Opinion
Submitted October 15, 1999
November 30, 1999
In an action to recover damages for medical malpractice, the plaintiff appeals from a judgment of the Supreme Court, Nassau County (Driscoll, J.), entered August 24, 1998, which, upon an order of the same court dated June 24, 1998, granting the defendant's motion for summary judgment, dismissed the complaint.
Richard Frank, P.C., New York, N.Y. (Kathleen Peratis of counsel), for appellant.
Shaub, Ahmuty, Citrin Spratt, LLP, Lake Success, N.Y. (Steven J. Ahmuty, Jr., and Barry T. Bassis of counsel), for respondent.
CORNELIUS J. O'BRIEN, J.P., GABRIEL M. KRAUSMAN, ANITA R. FLORIO, SANDRA J. FEUERSTEIN, JJ.
DECISION ORDER
ORDERED that the judgment is affirmed, with costs.
The decedent, Joel Weinreb, was under the psychiatric care of the defendant, Dr. Julius Rice, for depression and agitation. While hospitalized for injuries received in a fall, the decedent stated that he wanted to die. The defendant conducted a psychiatric evaluation and concluded that he was not suicidal. During the week following his discharge from the hospital, the defendant maintained contact with the decedent through the decedent's wife, the plaintiff Janet Weinreb. The decedent committed suicide seven days after being discharged from the hospital.
It is well settled that a physician may not be held liable for a mere error in professional judgment ( see, Ibguy v.

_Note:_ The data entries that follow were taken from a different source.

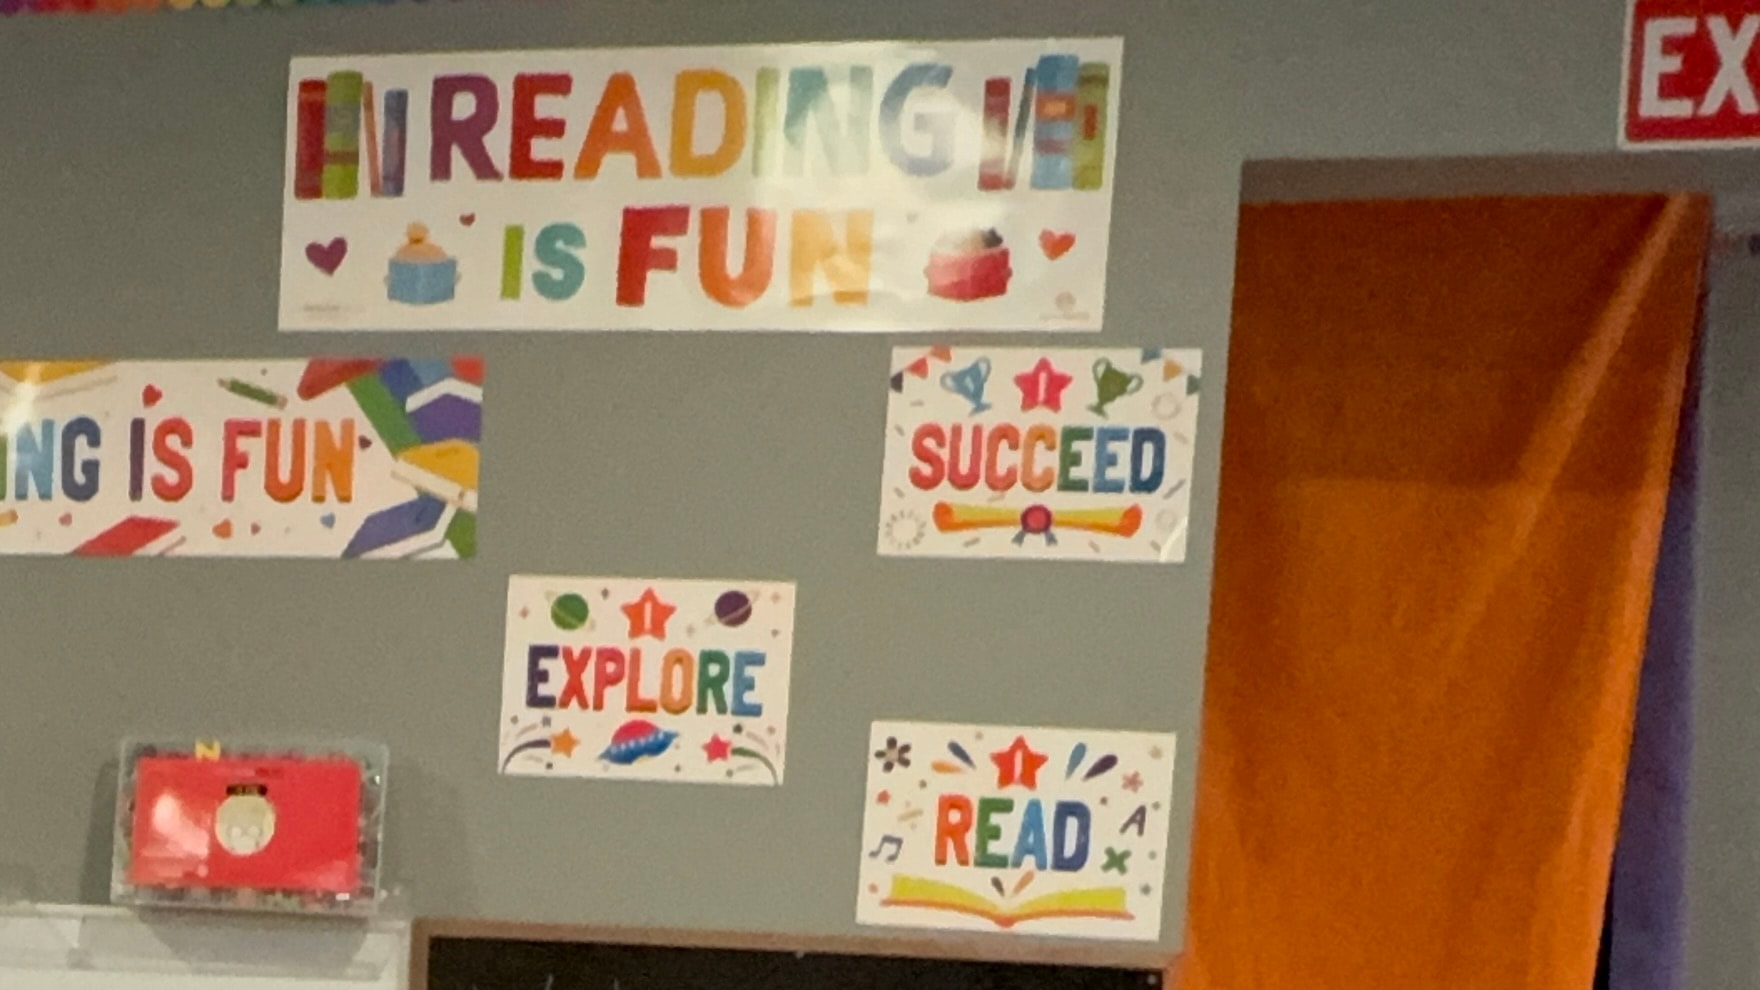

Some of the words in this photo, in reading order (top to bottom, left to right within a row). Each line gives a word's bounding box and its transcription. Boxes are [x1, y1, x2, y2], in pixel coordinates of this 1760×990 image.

[1638, 13, 1760, 118] EX
[429, 61, 956, 182] READING
[500, 221, 587, 302] IS
[615, 204, 875, 309] FUN
[129, 416, 194, 503] IS
[221, 416, 357, 504] FUN
[908, 422, 1167, 495] SUCCEED
[524, 644, 767, 718] EXPLORE
[933, 794, 1092, 873] READ

State of New York, 261 A.D.2d 510; [2d Dept., May 17, 1999]; Darren v. Safier, 207 A.D.2d 473; Davitt v. State of New York, 157 A.D.2d 703; Mohan v. Westchester County Med. Center, 145 A.D.2d 474; Wilson v. State of New York, 112 A.D.2d 366). For liability to ensue, it must be shown that the physician's treatment decision was "something less than a professional medical determination" ( see, Ibguy v. State of New York, supra; Darren v. Safier, supra; Davitt v. State of New York, supra). There is no evidence that the defendant's decision on July 3, 1994, to discharge the decedent, change his medication, and follow his condition was something less than a professional medical determination. The mere fact that the plaintiff's expert would have opted for a different treatment, without more, "represents, at most, a difference of opinion among physicians, which is not sufficient to sustain a prima facie case of malpractice" ( see, Ibguy v. State of New York, supra; Darren v. Safier, supra; see also, Topel v. Long Is. Jewish Med. Center, 55 N.Y.2d 682).
The plaintiff's remaining contentions are without merit.
O'BRIEN, J.P., KRAUSMAN, FLORIO, and FEUERSTEIN, JJ., concur.